■ **EXERCISE DESCRIPTION**: Pictures stay out of your copy, but everything else in the records below must be repeated exactly.

■ **AVAILABLE DATA**:
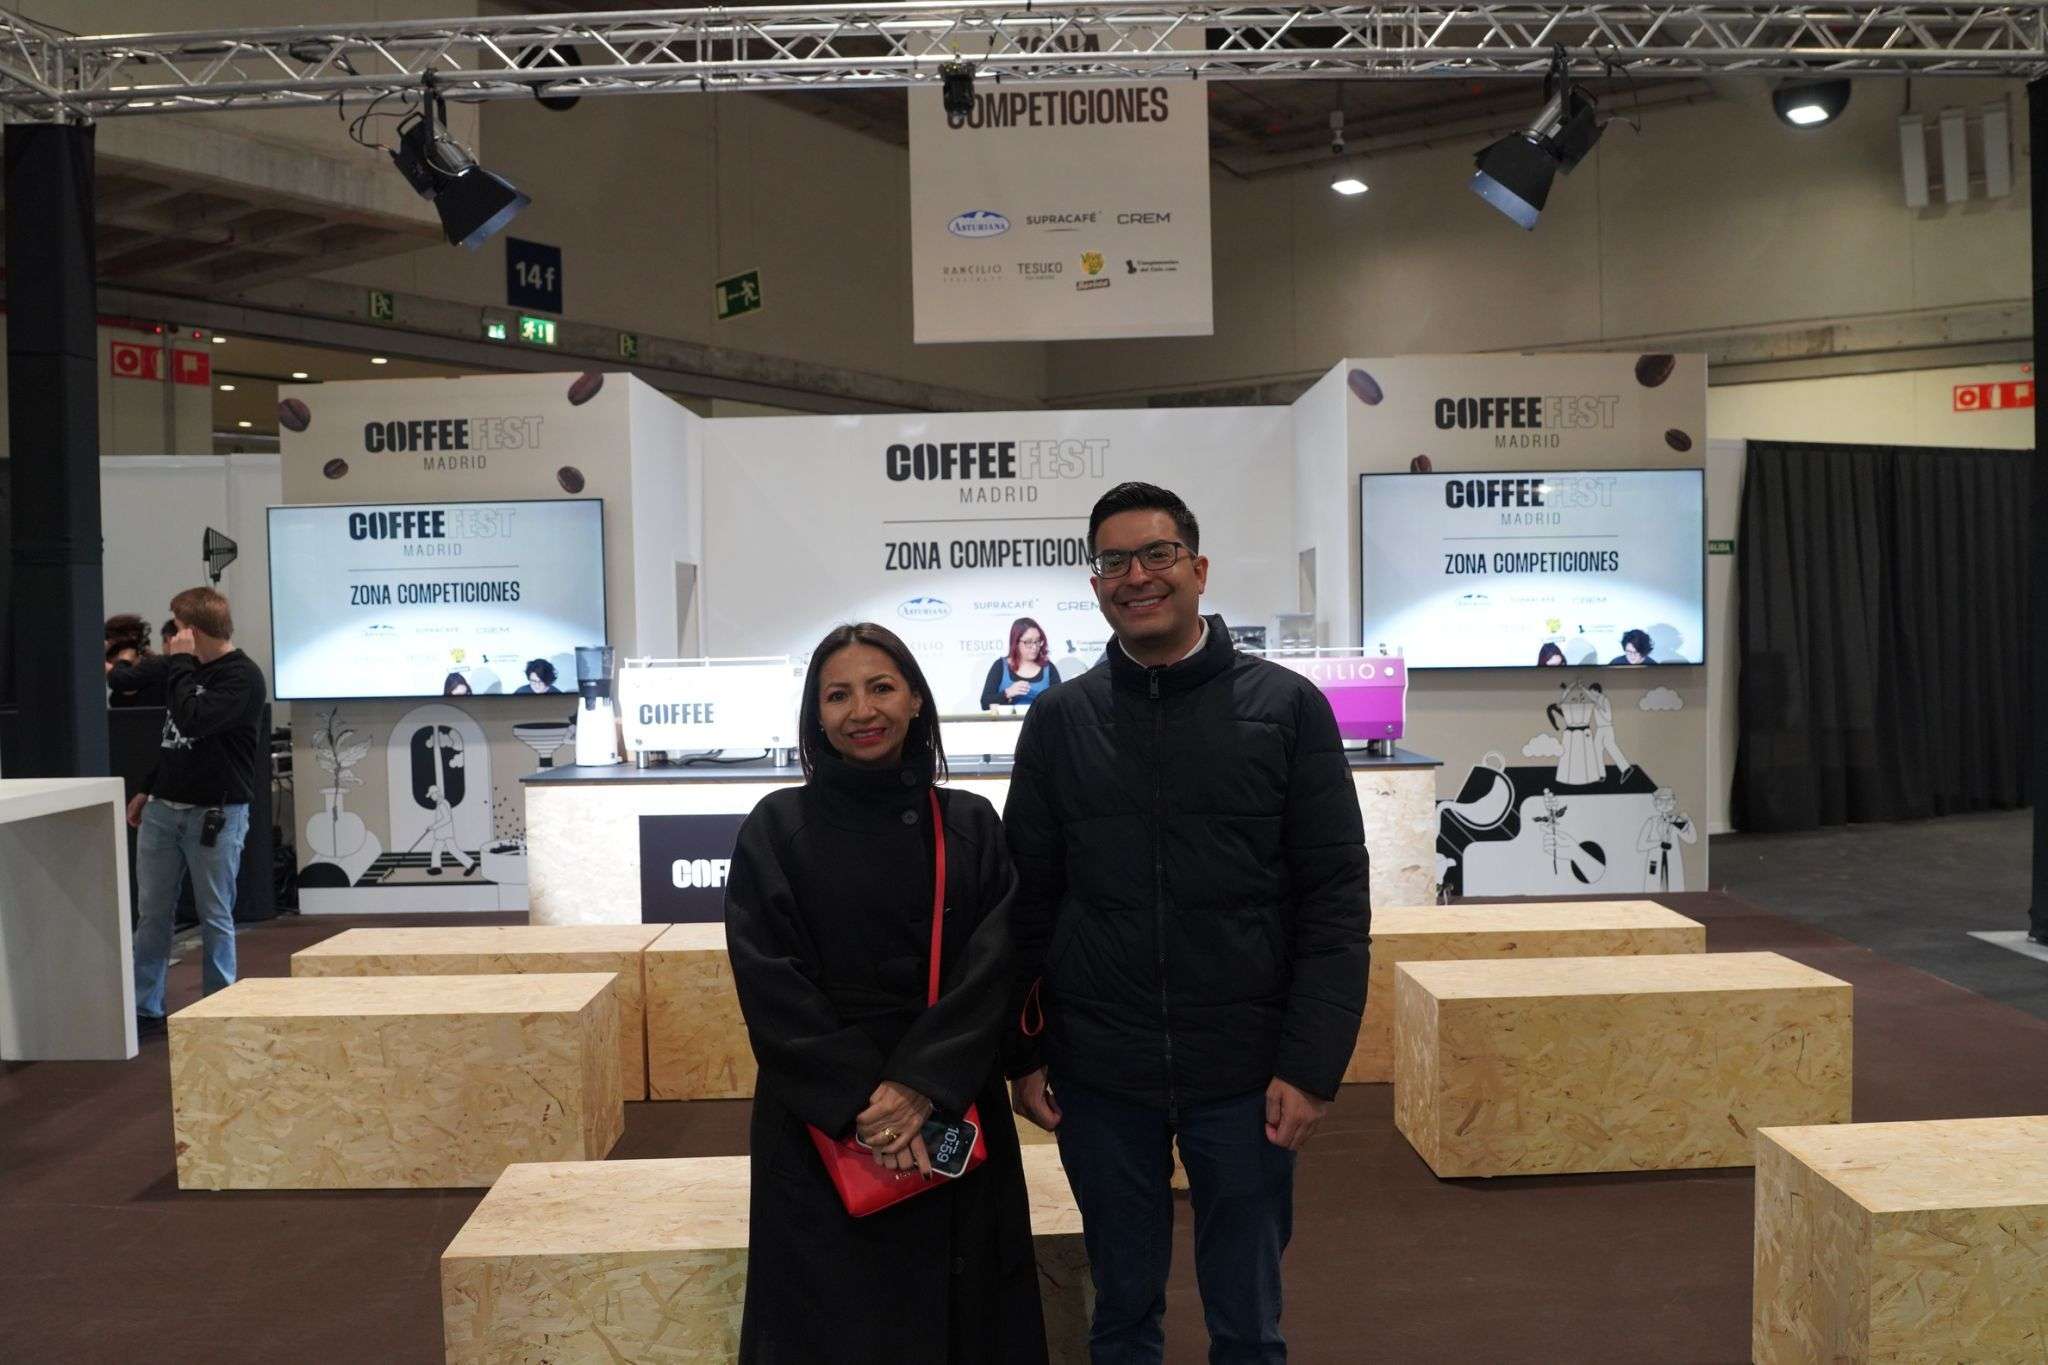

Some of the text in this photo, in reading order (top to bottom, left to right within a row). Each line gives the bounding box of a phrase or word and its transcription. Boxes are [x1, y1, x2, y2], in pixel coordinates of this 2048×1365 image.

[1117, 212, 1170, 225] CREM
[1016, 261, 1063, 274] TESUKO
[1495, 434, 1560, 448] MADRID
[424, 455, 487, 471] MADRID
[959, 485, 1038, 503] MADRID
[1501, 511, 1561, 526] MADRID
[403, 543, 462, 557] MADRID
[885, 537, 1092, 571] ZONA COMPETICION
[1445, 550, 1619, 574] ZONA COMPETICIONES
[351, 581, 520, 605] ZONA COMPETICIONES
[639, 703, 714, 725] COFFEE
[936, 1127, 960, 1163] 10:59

■ **RESULT OF THE TASK**:
Some of the text in this photo, in reading order (top to bottom, left to right within a row). Each line gives the bounding box of a phrase or word and its transcription. Boxes are [x1, y1, x2, y2], in pixel coordinates of this 2048×1365 image.

[1117, 212, 1170, 225] CREM
[1016, 261, 1063, 274] TESUKO
[1495, 434, 1560, 448] MADRID
[424, 455, 487, 471] MADRID
[959, 485, 1038, 503] MADRID
[1501, 511, 1561, 526] MADRID
[403, 543, 462, 557] MADRID
[885, 537, 1092, 571] ZONA COMPETICION
[1445, 550, 1619, 574] ZONA COMPETICIONES
[351, 581, 520, 605] ZONA COMPETICIONES
[639, 703, 714, 725] COFFEE
[936, 1127, 960, 1163] 10:59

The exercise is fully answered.